Despite the times we are living in, a lot of life is continuing on as normal. People are working from home, but they’re still working. We’re still hiring. We’re still onboarding new employees, and unfortunately, we are still realizing some members on our teams aren’t great fits. While terminating an employee virtually may seem complicated, there’s a lot you can do to ease the stress and discomfort on both sides.
We wanted to give a few rules of thumb to help make the process easier, and give you and the employee the best experience possible in a less than perfect situation.
The same rules apply in office or virtually
Be polite. Stick to the facts. Make it quick. The employee being terminated likely does not want to be in the conversation any longer than they need to, and you owe it to them as their employer to make the process as painless as possible.
State only facts and don’t get into feelings. Now is not the time to debate something. The decision has been made, and your only job in this meeting is to relay the decision and let the employee know next steps.
Focus on maintaining the employee’s dignity
When you’ve made the decision to let the employee go, be sure to prepare for giving them the utmost respect. This situation is hard. Now is not the time to turn off your camera. Keep your camera on and address the situation promptly. Look the person in the eyes, and treat them with the same empathy and kindness that you would want had the roles been reversed.
Document, document, document
Before all terminations, you should have proper documentation in place. First, you should have notes about every discussion you had regarding the employee’s performance.
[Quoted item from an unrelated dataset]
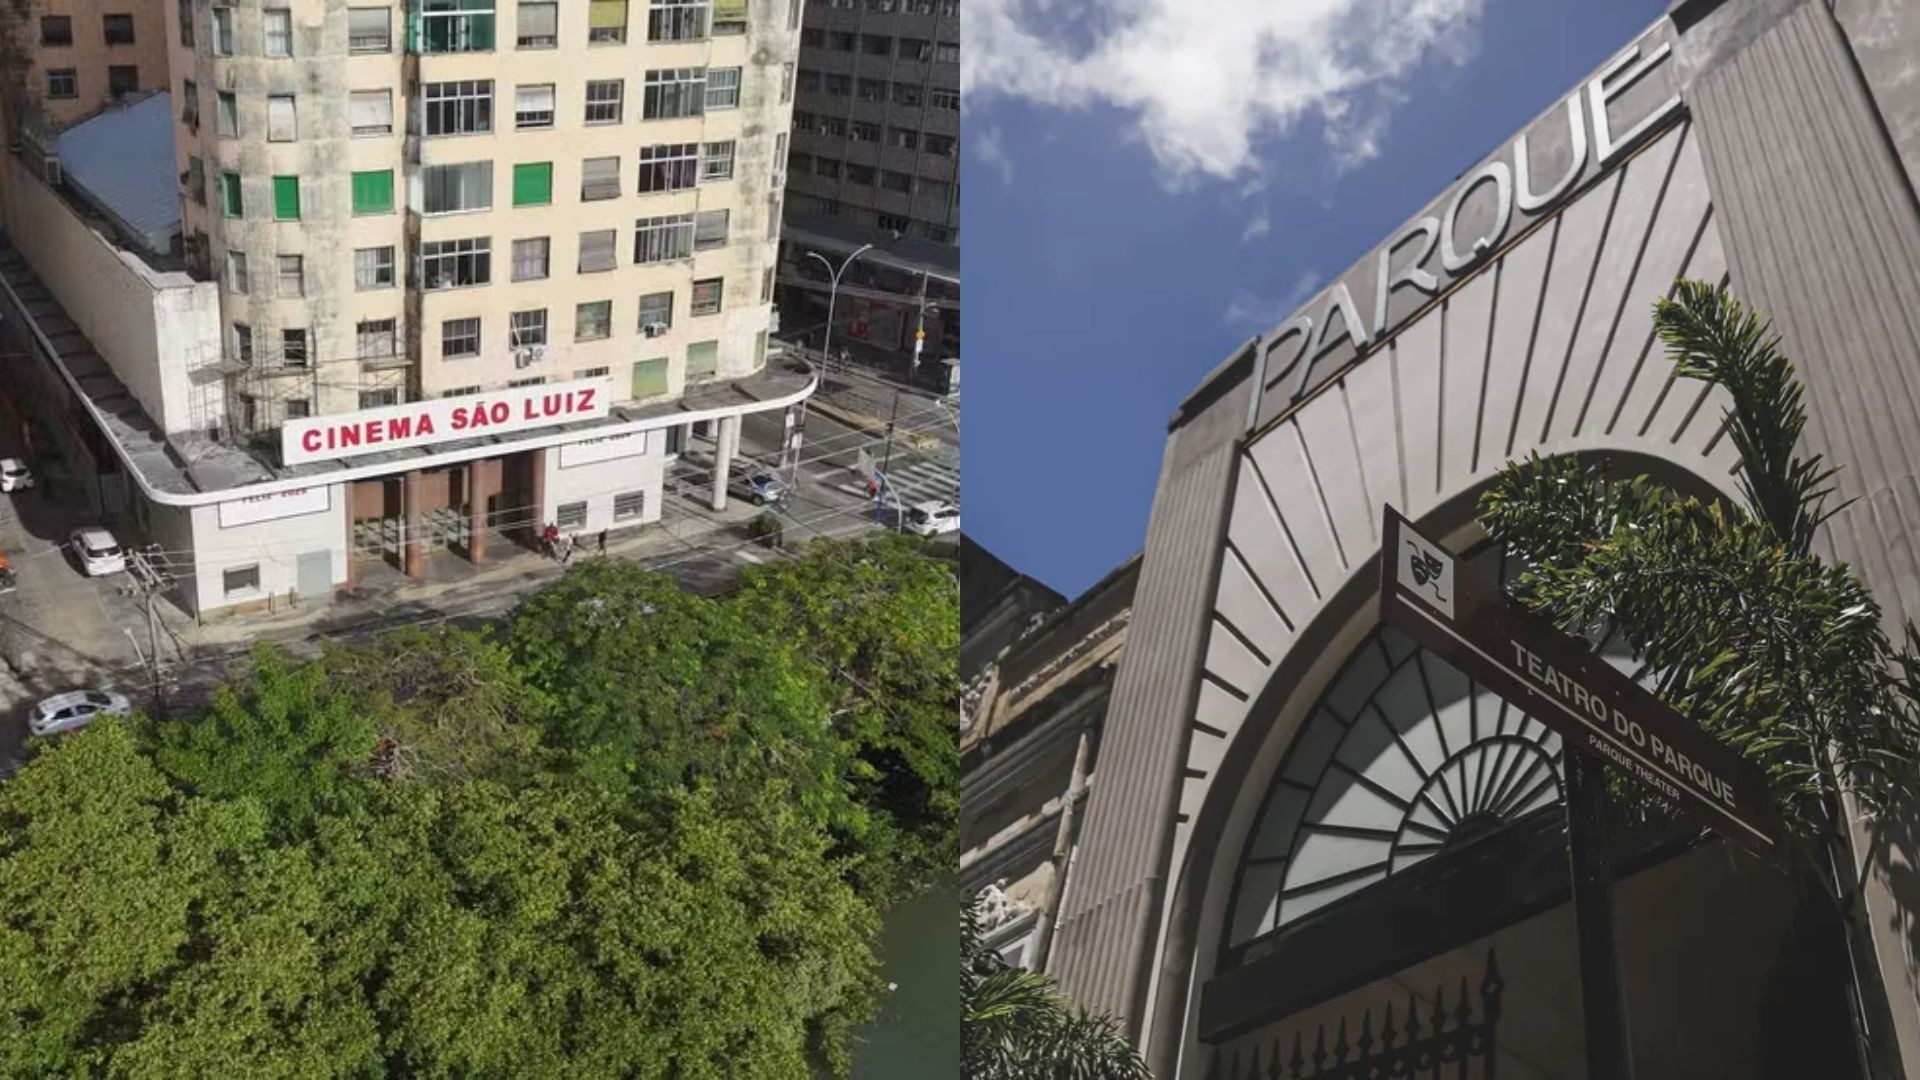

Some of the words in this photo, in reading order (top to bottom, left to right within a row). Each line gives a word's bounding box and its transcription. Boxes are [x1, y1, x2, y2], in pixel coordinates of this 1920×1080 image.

You’ll also want the improvement plan that you put them on and how they did not meet the marks there.
Compiling this documentation can be tough, but tools like Kin help you keep it all in one place. If you don’t have a place that you’re storing documentation in while working remotely, check us out and save yourself time and heartache later on.
Another important step in documentation is ensuring you have a severance agreement and any other paperwork you need them to sign available during the termination call. You’ll want to walk through that paperwork and also provide any expectations for them to complete it.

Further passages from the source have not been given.